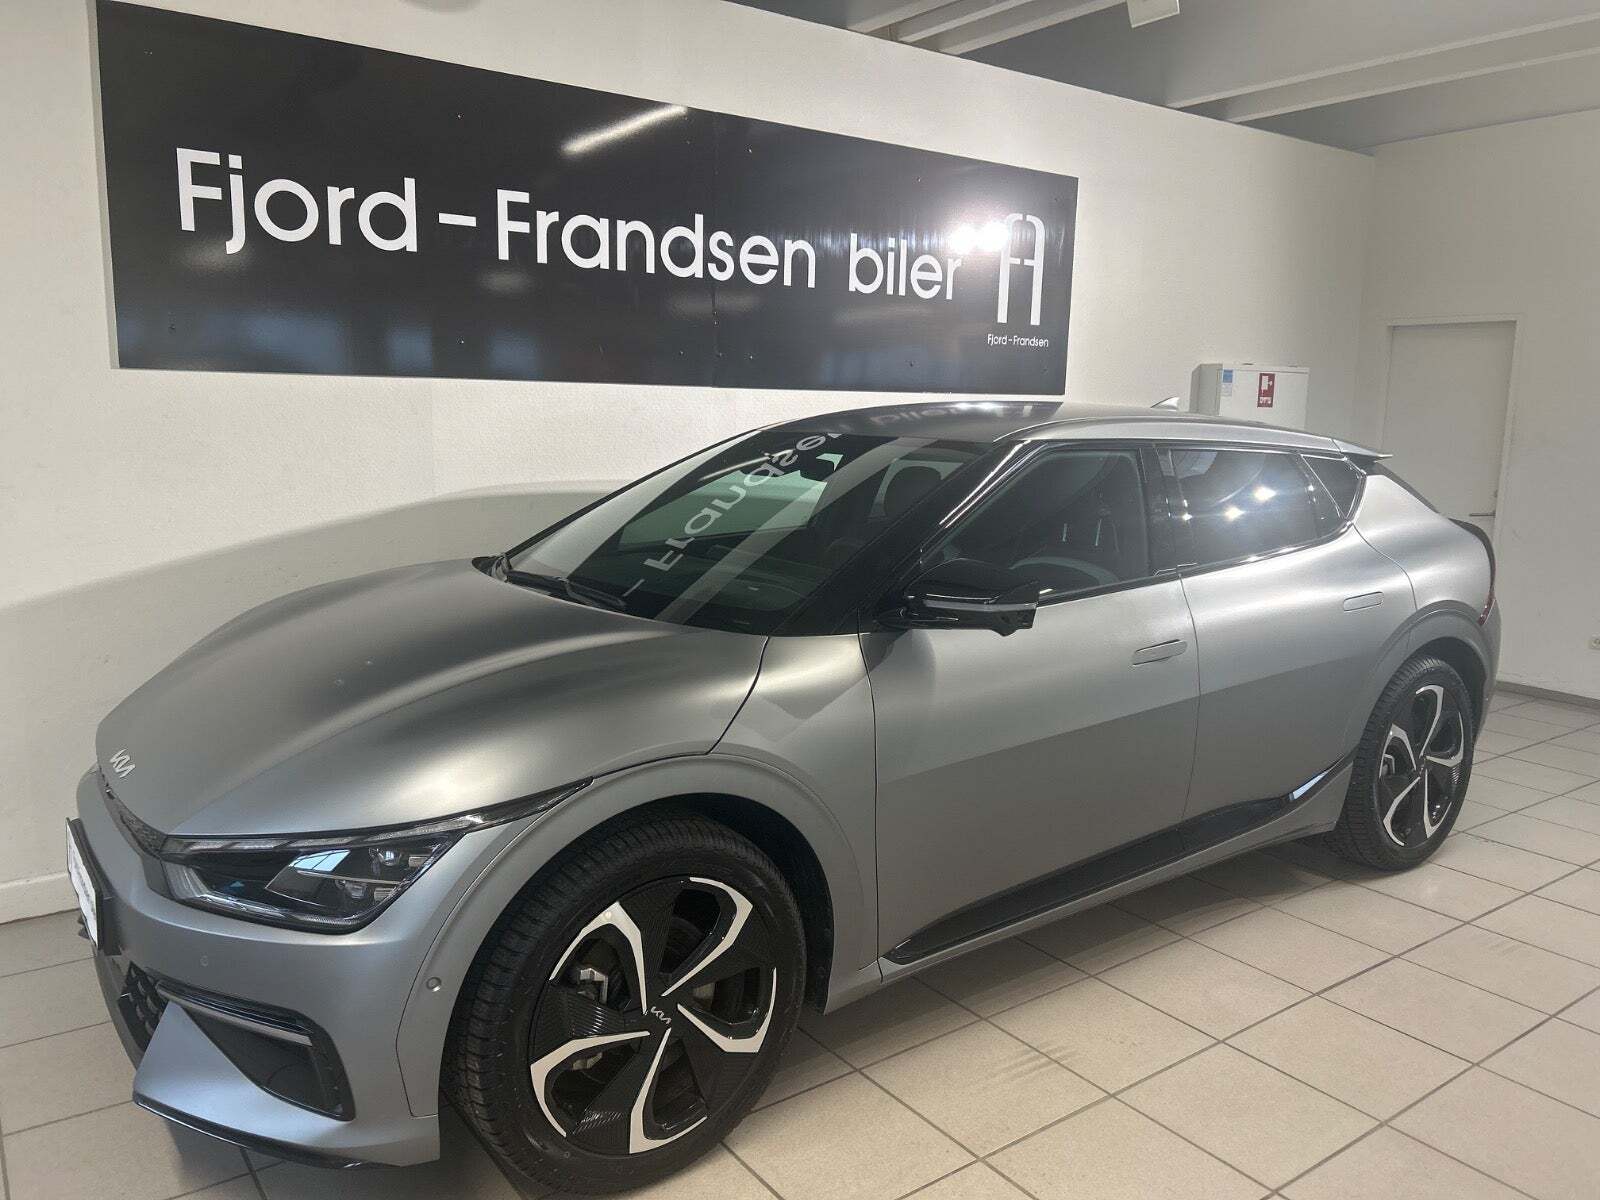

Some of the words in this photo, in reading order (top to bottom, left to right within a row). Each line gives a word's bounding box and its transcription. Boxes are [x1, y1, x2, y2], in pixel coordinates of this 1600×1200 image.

[176, 147, 418, 255] Fjord
[496, 188, 816, 289] Frandsen
[848, 233, 963, 300] biler
[987, 333, 1008, 347] Fjord
[1012, 335, 1049, 348] Frandsen

====

**EXERCISE DETAILS:** Once the pictures are set aside, repeat the remaining data word for word.

**OUTPUT FOR THIS EXERCISE:**
Some of the words in this photo, in reading order (top to bottom, left to right within a row). Each line gives a word's bounding box and its transcription. Boxes are [x1, y1, x2, y2], in pixel coordinates of this 1600×1200 image.

[176, 147, 418, 255] Fjord
[496, 188, 816, 289] Frandsen
[848, 233, 963, 300] biler
[987, 333, 1008, 347] Fjord
[1012, 335, 1049, 348] Frandsen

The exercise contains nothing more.